HDInsight can use either HDFS or Azure Blob Storage as its file system. HDFS is the traditional Hadoop Distributed File System and has one major drawback which is that in order to have access to your data you need to keep the HDInsight cluster running. That means that if you spin down your cluster you lose the data that has been loaded into it and also any results of any jobs you have already run.
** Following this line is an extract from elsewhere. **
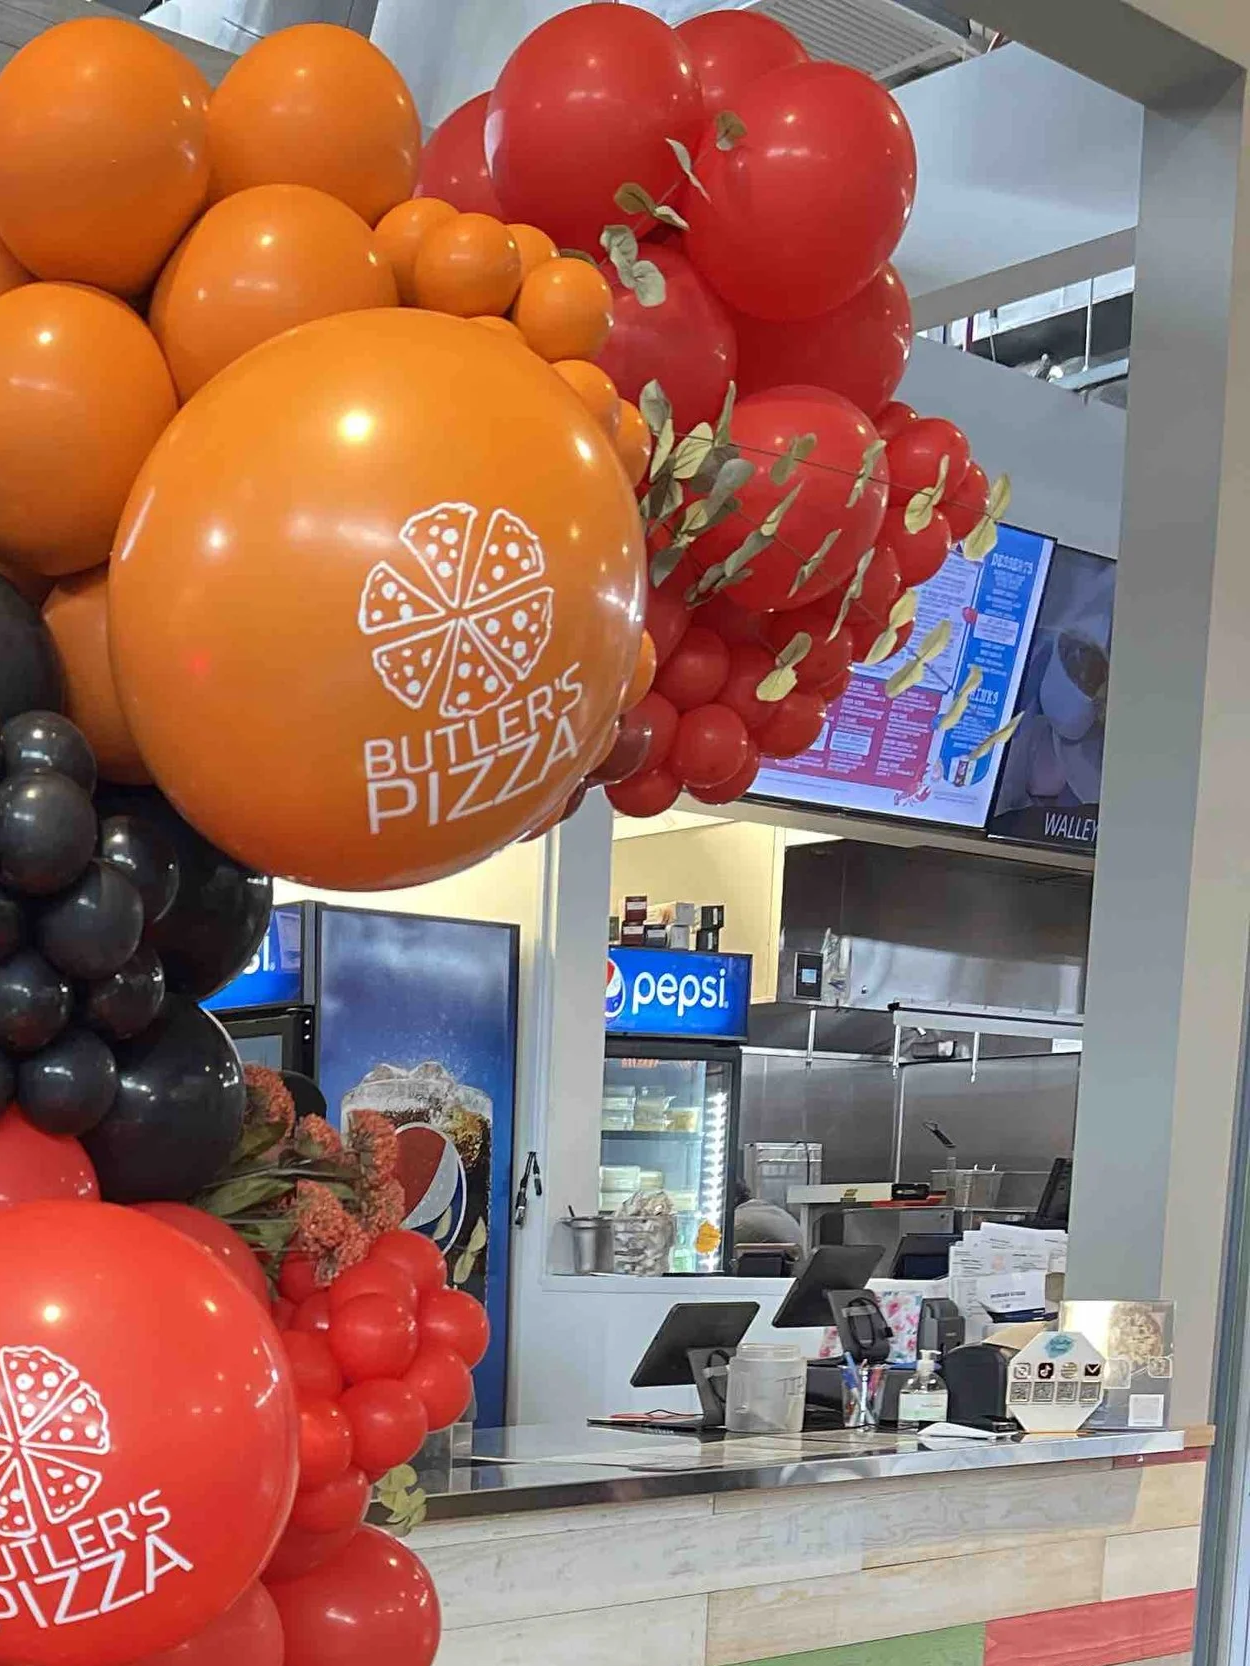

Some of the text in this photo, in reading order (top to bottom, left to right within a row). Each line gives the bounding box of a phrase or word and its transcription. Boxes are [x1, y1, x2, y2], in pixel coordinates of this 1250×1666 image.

Azure Blob Storage on the other hand eliminates this requirement to continuously run your cluster. By storing your data in Azure Blob Storage you can spin up your cluster, run your jobs which saves the results back to Azure Blob Storage, and then bring down your cluster. The results of your jobs will then still be available and you will not need to keep your cluster running 247. You will also be able to add more data easily by uploading that data to your storage and simply having it available to run jobs against whenever you need to. By using Azure Blob Storage you start to build out a Data Lake (a term coined by Pentaho CTO James Dixon).

For those worrying about the performance of the solution Denny Lee did an excellent blog post explaining why it is a good idea to use Azure Blob Storage instead of HDFS, which can be found here.

The next interesting step was to choose a method of compressing the data before uploading it. This would have the benefit of not requiring us to upload the larger volume of data. After initial investigation and reading some white papers I settled on GZip compression for my source files. As it showed to provide the best trade-off between compression and speed with Hadoop.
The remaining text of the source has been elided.